**SOURCE DATA:**
====
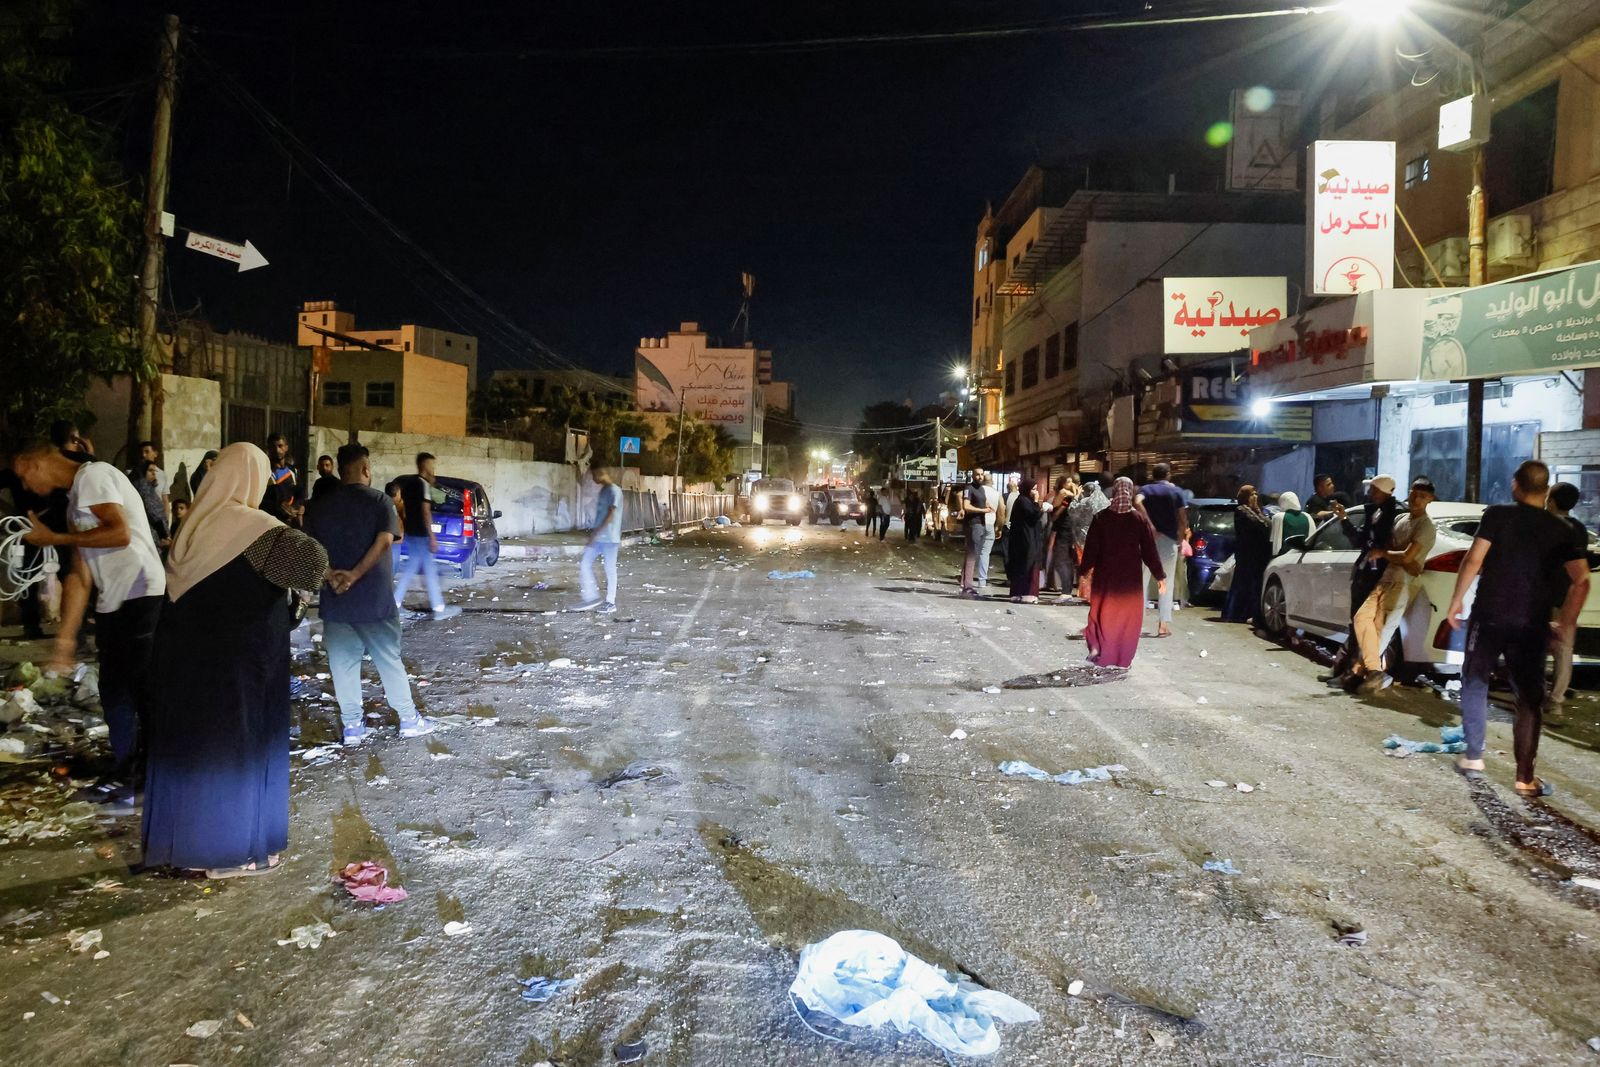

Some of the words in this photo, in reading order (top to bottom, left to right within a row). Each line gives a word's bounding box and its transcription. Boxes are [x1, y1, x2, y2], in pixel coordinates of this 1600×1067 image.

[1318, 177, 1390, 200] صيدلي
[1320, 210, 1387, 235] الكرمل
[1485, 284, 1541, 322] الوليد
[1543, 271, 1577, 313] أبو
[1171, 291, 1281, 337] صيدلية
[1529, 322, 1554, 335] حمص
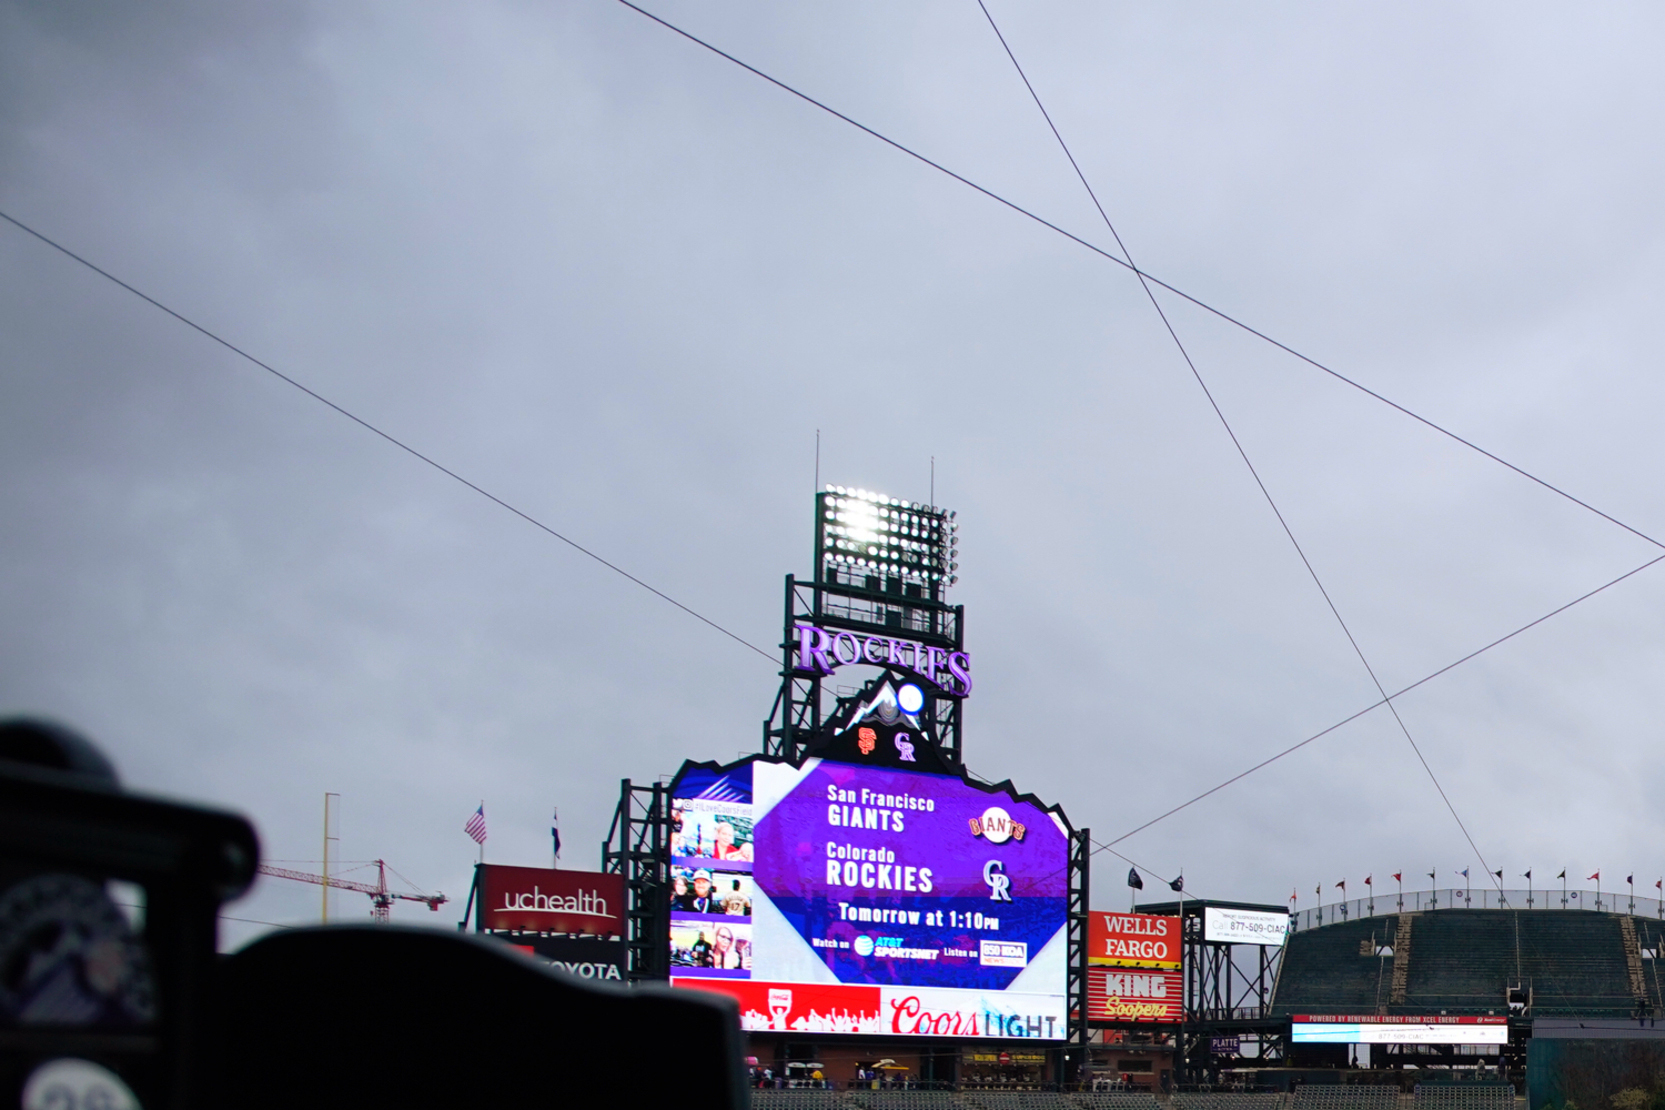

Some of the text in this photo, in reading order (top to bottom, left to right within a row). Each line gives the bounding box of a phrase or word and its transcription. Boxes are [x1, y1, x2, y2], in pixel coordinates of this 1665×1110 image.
====
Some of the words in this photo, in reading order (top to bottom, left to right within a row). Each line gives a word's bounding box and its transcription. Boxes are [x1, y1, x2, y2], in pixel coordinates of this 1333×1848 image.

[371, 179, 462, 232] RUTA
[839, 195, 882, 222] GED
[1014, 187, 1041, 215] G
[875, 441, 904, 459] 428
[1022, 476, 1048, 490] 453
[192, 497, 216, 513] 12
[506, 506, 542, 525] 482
====
In the material above, one part opens with the line containing "this 1600×1067 image." and closes with the line containing "Some of the text". Write out that part exactly and skip its pictures.

Some of the words in this photo, in reading order (top to bottom, left to right within a row). Each line gives a word's bounding box and its transcription. Boxes are [x1, y1, x2, y2], in pixel coordinates of this 1600×1067 image.

[1318, 177, 1390, 200] صيدلي
[1320, 210, 1387, 235] الكرمل
[1485, 284, 1541, 322] الوليد
[1543, 271, 1577, 313] أبو
[1171, 291, 1281, 337] صيدلية
[1529, 322, 1554, 335] حمص

Some of the text in this photo, in reading order (top to bottom, left to right within a row). Each line gives the bounding box of a phrase or word and its transcription. Boxes are [x1, y1, x2, y2], in pixel coordinates of this 1665×1110 image.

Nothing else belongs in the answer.